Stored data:
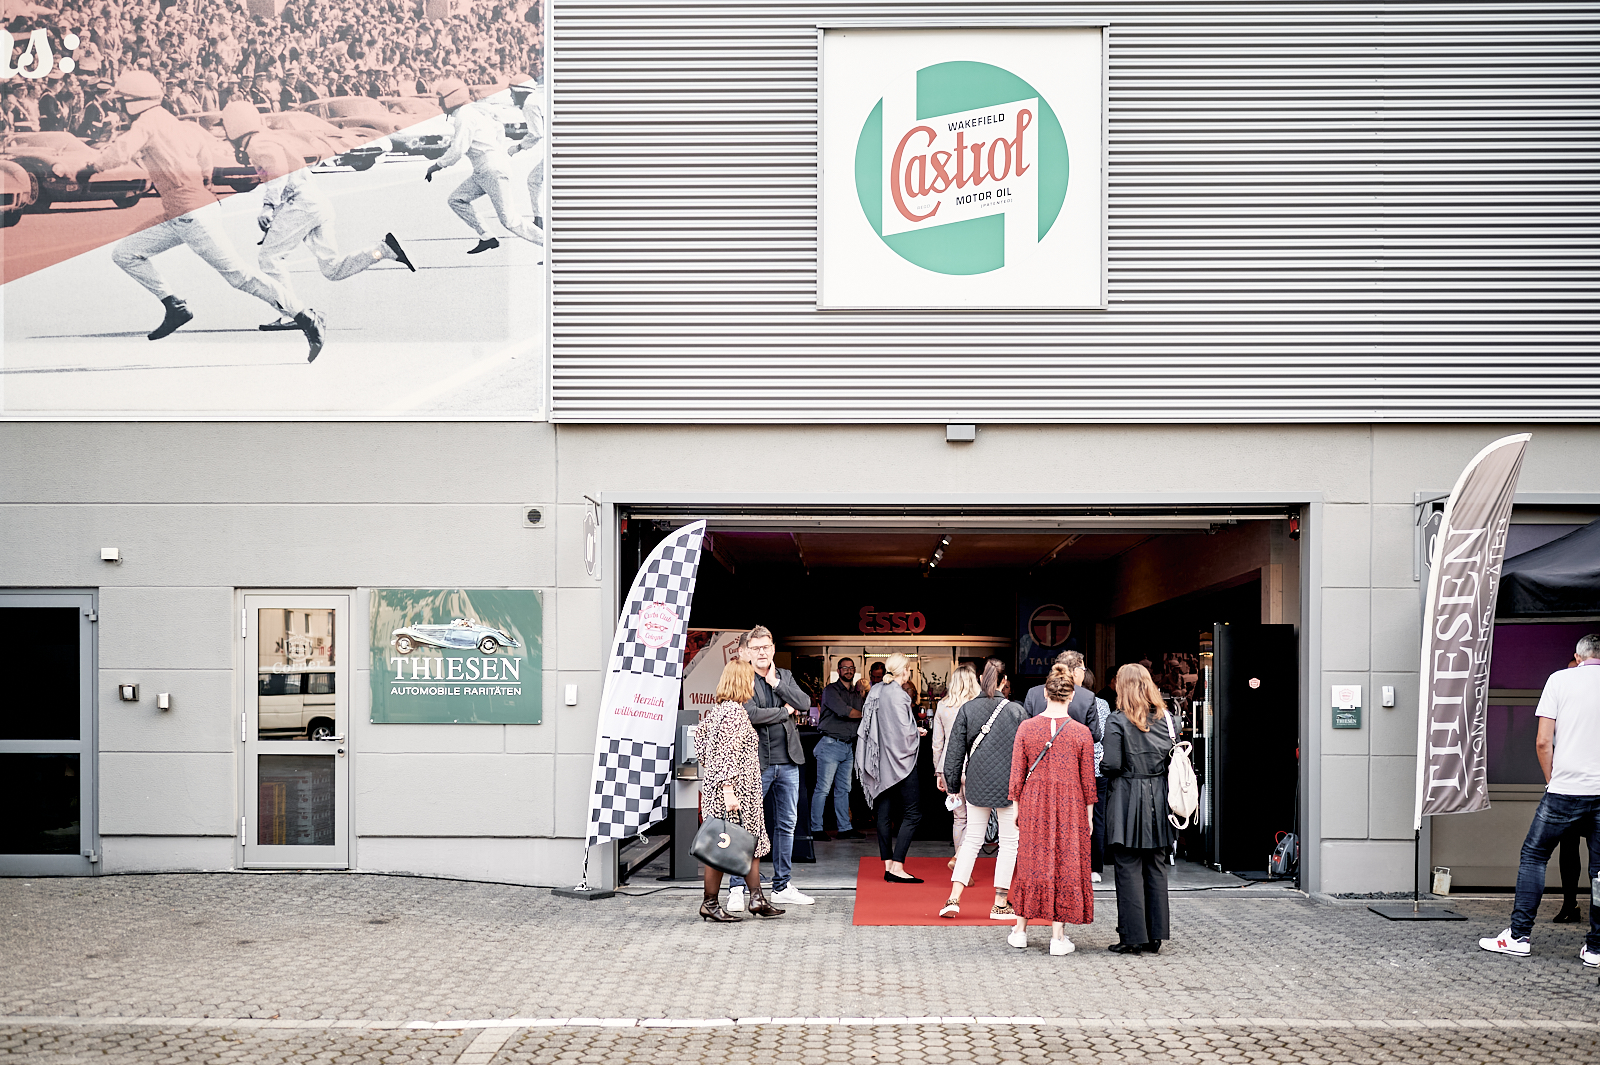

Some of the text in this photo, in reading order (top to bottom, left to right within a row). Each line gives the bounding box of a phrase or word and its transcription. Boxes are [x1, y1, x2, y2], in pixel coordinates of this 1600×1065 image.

[947, 113, 1005, 132] WAKEFIELD
[890, 108, 1033, 222] Castrol
[955, 187, 1012, 206] MOTOR OIL
[272, 659, 324, 674] Corner
[390, 656, 522, 681] THIESEN
[1425, 524, 1487, 802] THIESEN
[390, 685, 522, 696] AUTOMOBILE RARITÄTEN
[689, 692, 717, 705] Willk
[633, 693, 665, 708] Herzlich
[614, 706, 664, 722] willkommen
[1496, 938, 1508, 949] N
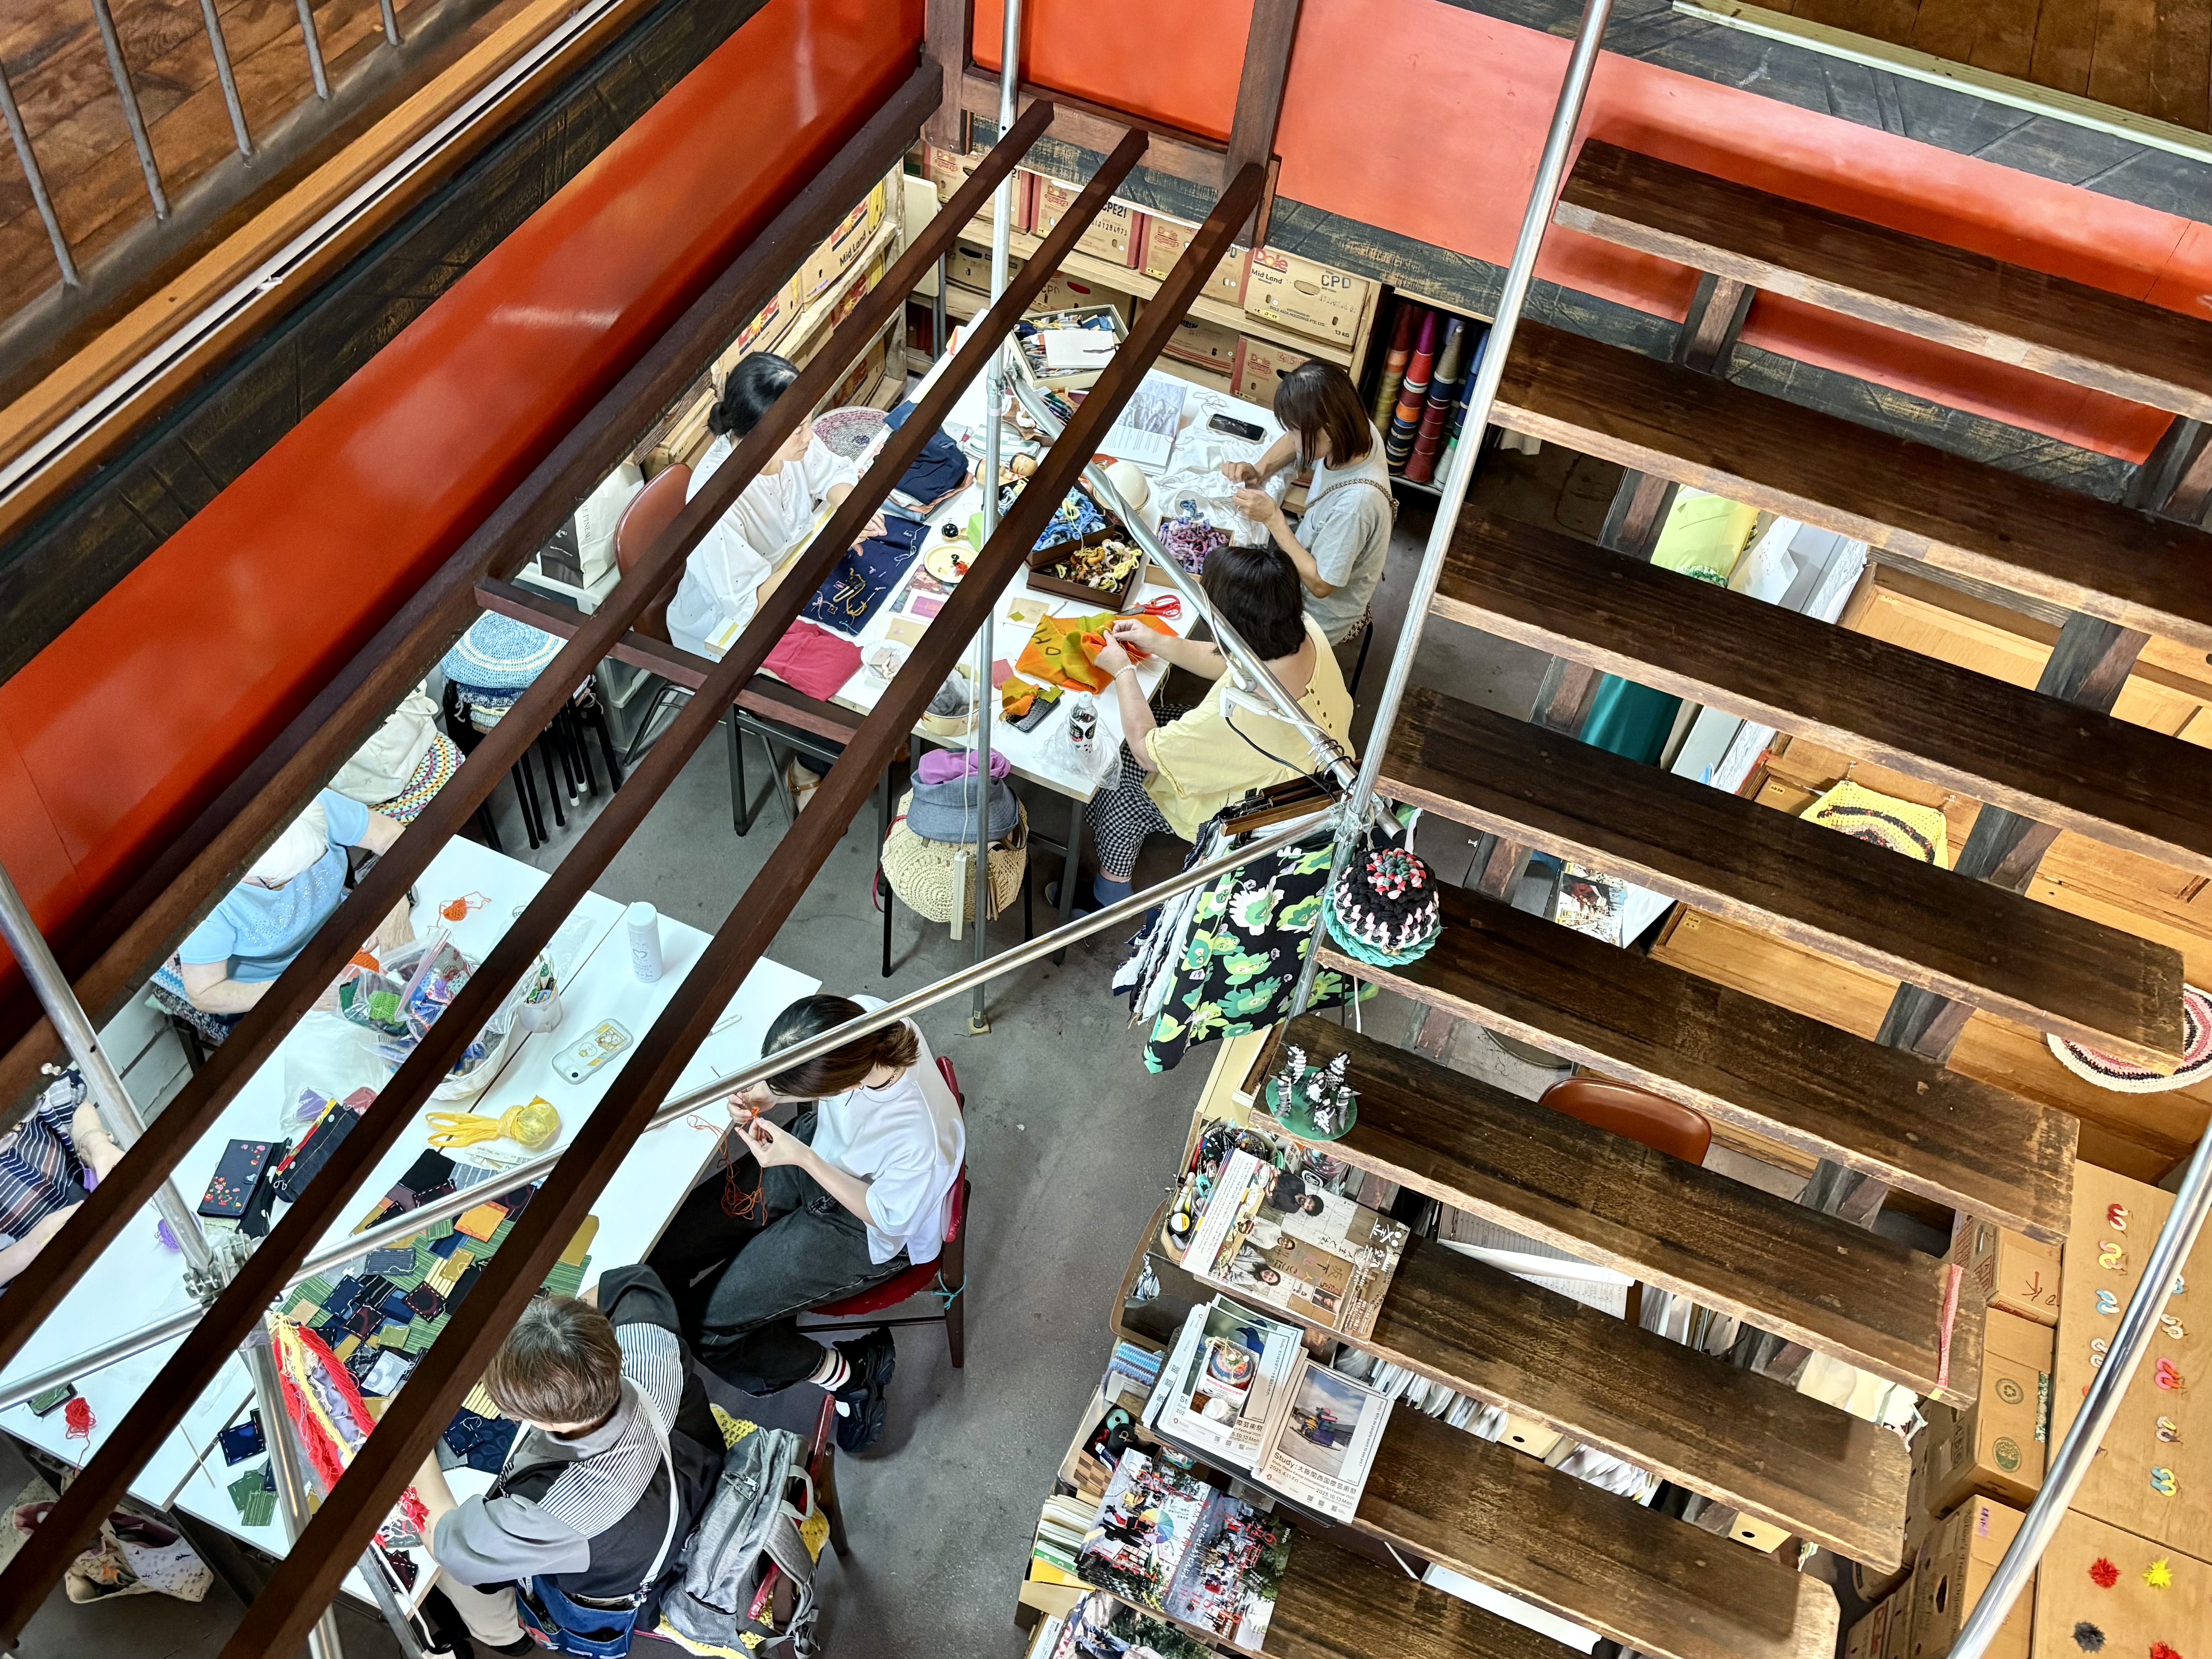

WHAT IS REQUIRED → Output the records exactly, and let none of their pictures appear in the copy.

ANSWER BELOW →
Some of the text in this photo, in reading order (top to bottom, left to right within a row). Each line gives the bounding box of a phrase or word and its transcription. Boxes are [x1, y1, x2, y2], in pixel coordinates of this 1600×1065 image.

[947, 113, 1005, 132] WAKEFIELD
[890, 108, 1033, 222] Castrol
[955, 187, 1012, 206] MOTOR OIL
[272, 659, 324, 674] Corner
[390, 656, 522, 681] THIESEN
[1425, 524, 1487, 802] THIESEN
[390, 685, 522, 696] AUTOMOBILE RARITÄTEN
[689, 692, 717, 705] Willk
[633, 693, 665, 708] Herzlich
[614, 706, 664, 722] willkommen
[1496, 938, 1508, 949] N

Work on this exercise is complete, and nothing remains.